_Work task_. Return each line below exactly as it reads, and omit any image in it.

_Entries taken from a collection_.
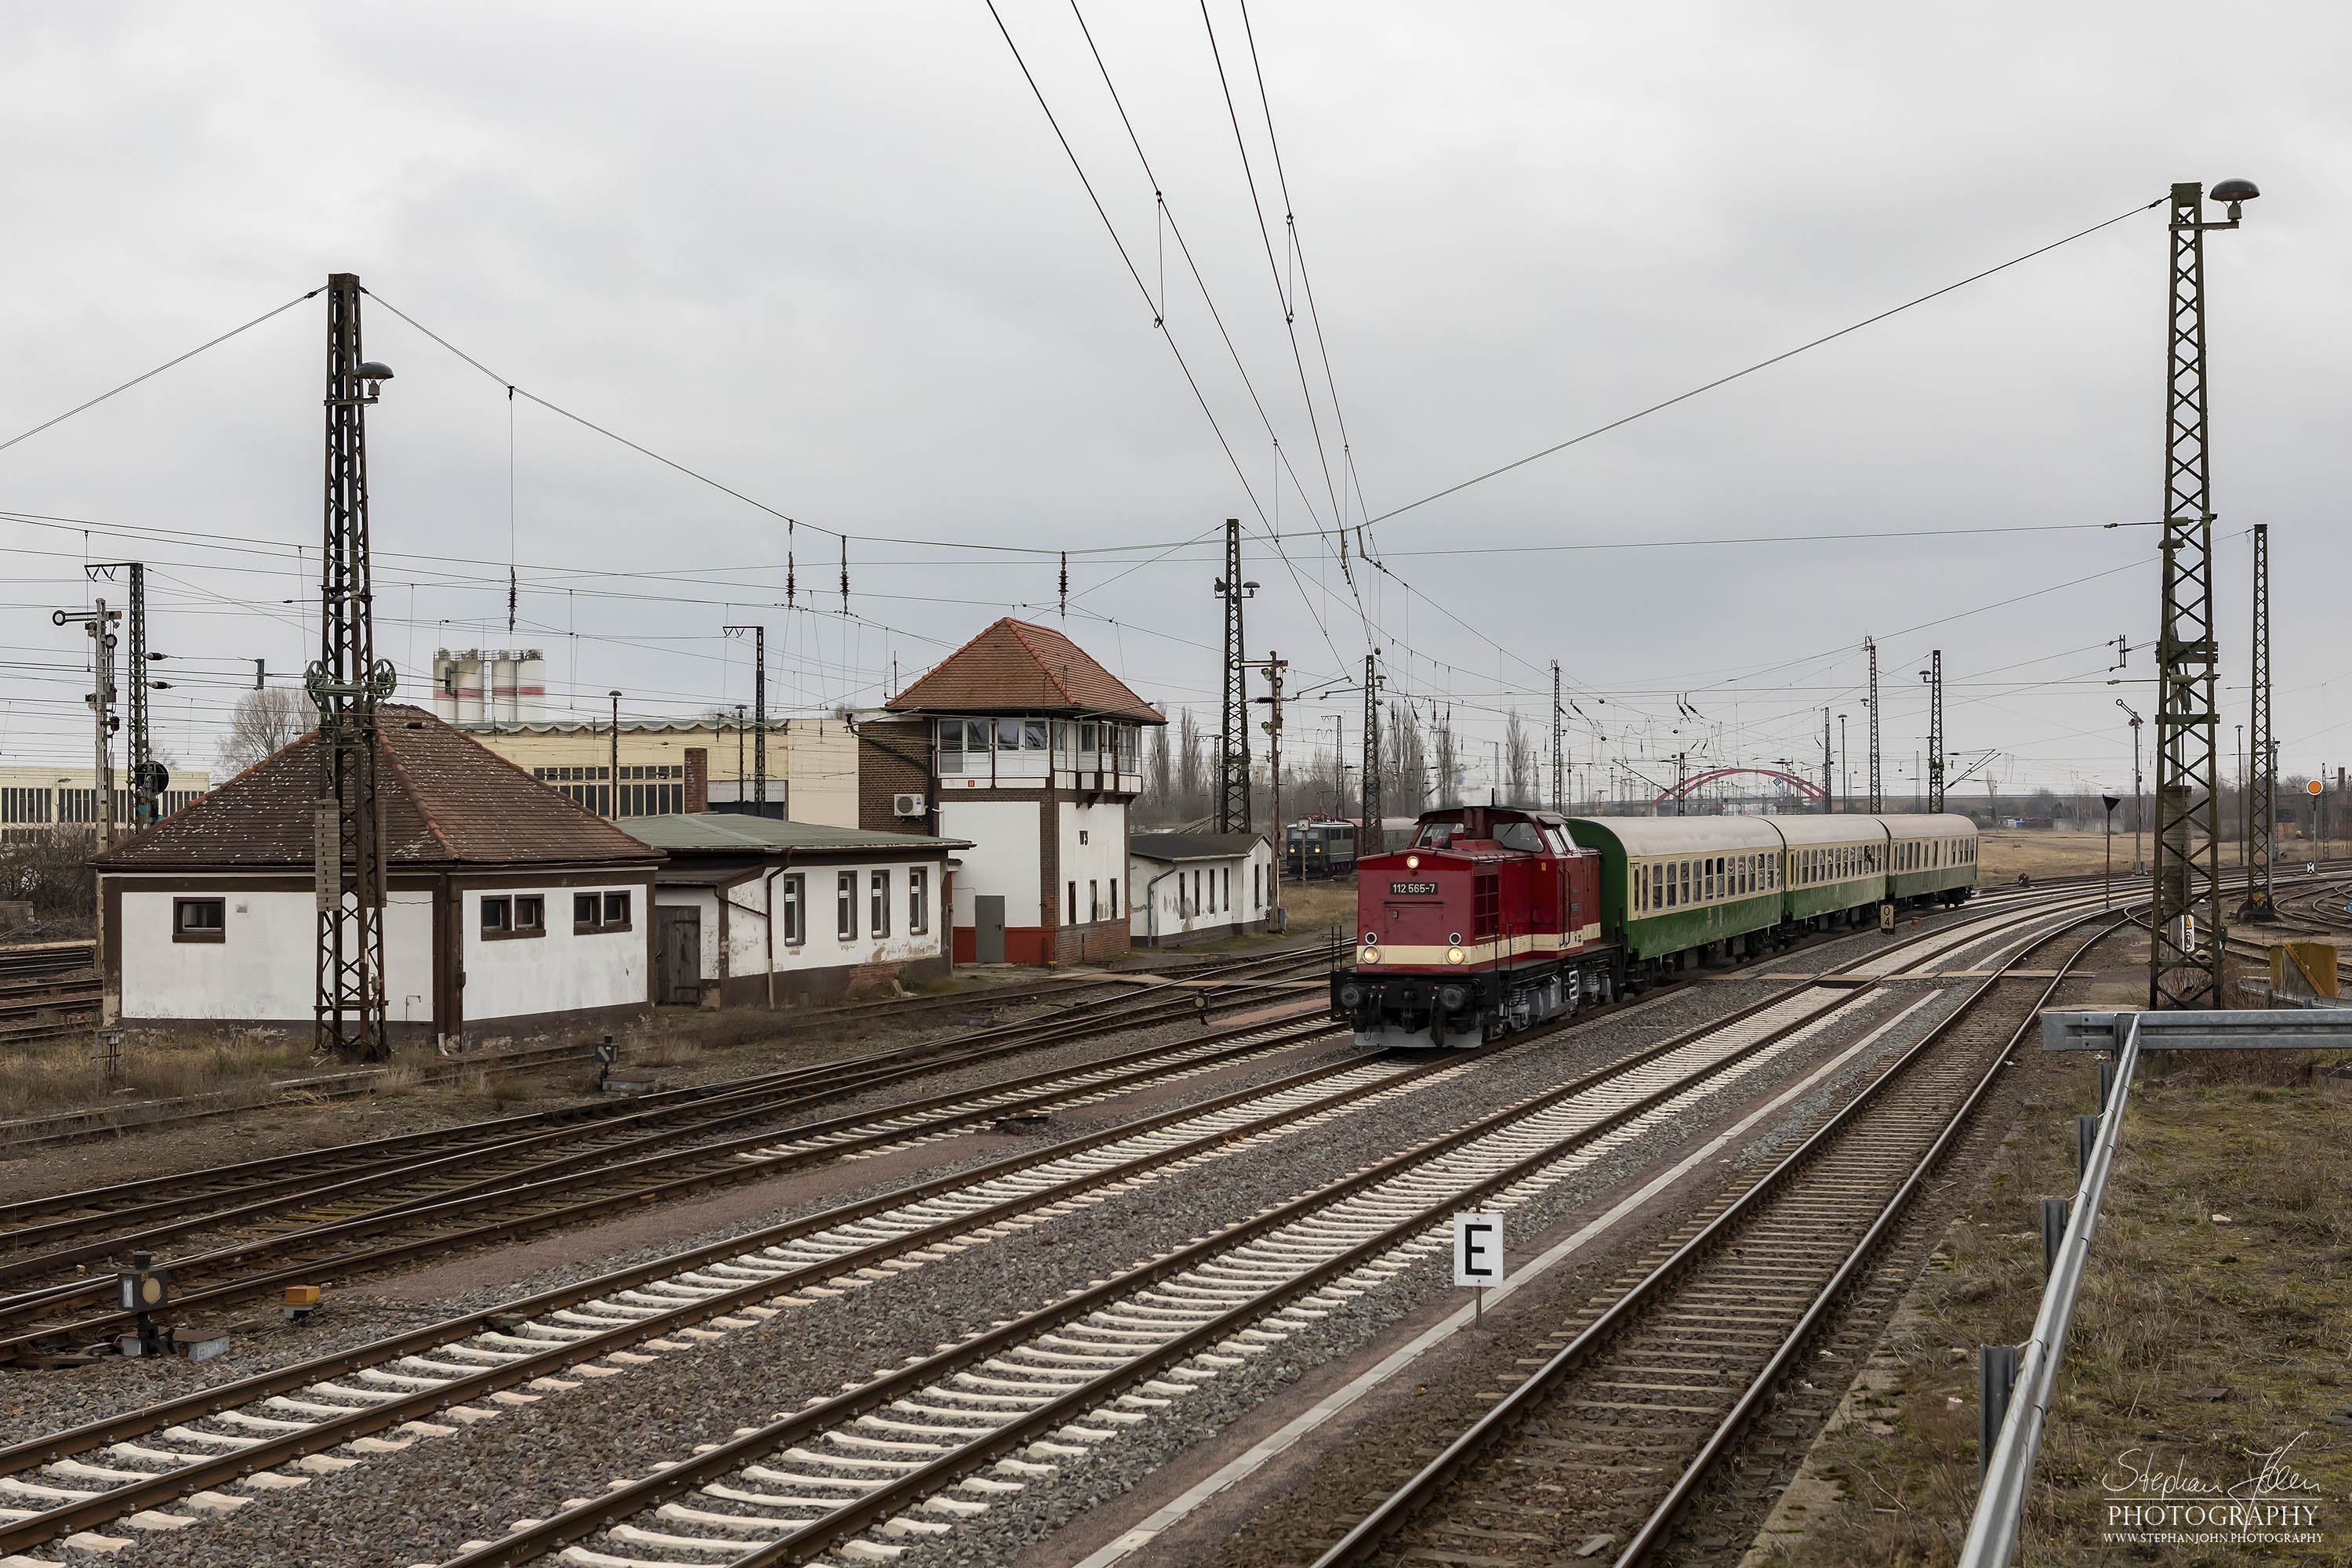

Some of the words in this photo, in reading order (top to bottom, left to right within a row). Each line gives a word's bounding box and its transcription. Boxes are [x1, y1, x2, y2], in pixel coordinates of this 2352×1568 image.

[1392, 884, 1406, 893] 112
[1408, 884, 1436, 893] 565-7
[1883, 906, 1890, 916] 0
[1884, 916, 1890, 926] 4
[1465, 1224, 1493, 1276] E

_Answer section_.
Some of the words in this photo, in reading order (top to bottom, left to right within a row). Each line gives a word's bounding box and its transcription. Boxes are [x1, y1, x2, y2], in pixel coordinates of this 2352×1568 image.

[1392, 884, 1406, 893] 112
[1408, 884, 1436, 893] 565-7
[1883, 906, 1890, 916] 0
[1884, 916, 1890, 926] 4
[1465, 1224, 1493, 1276] E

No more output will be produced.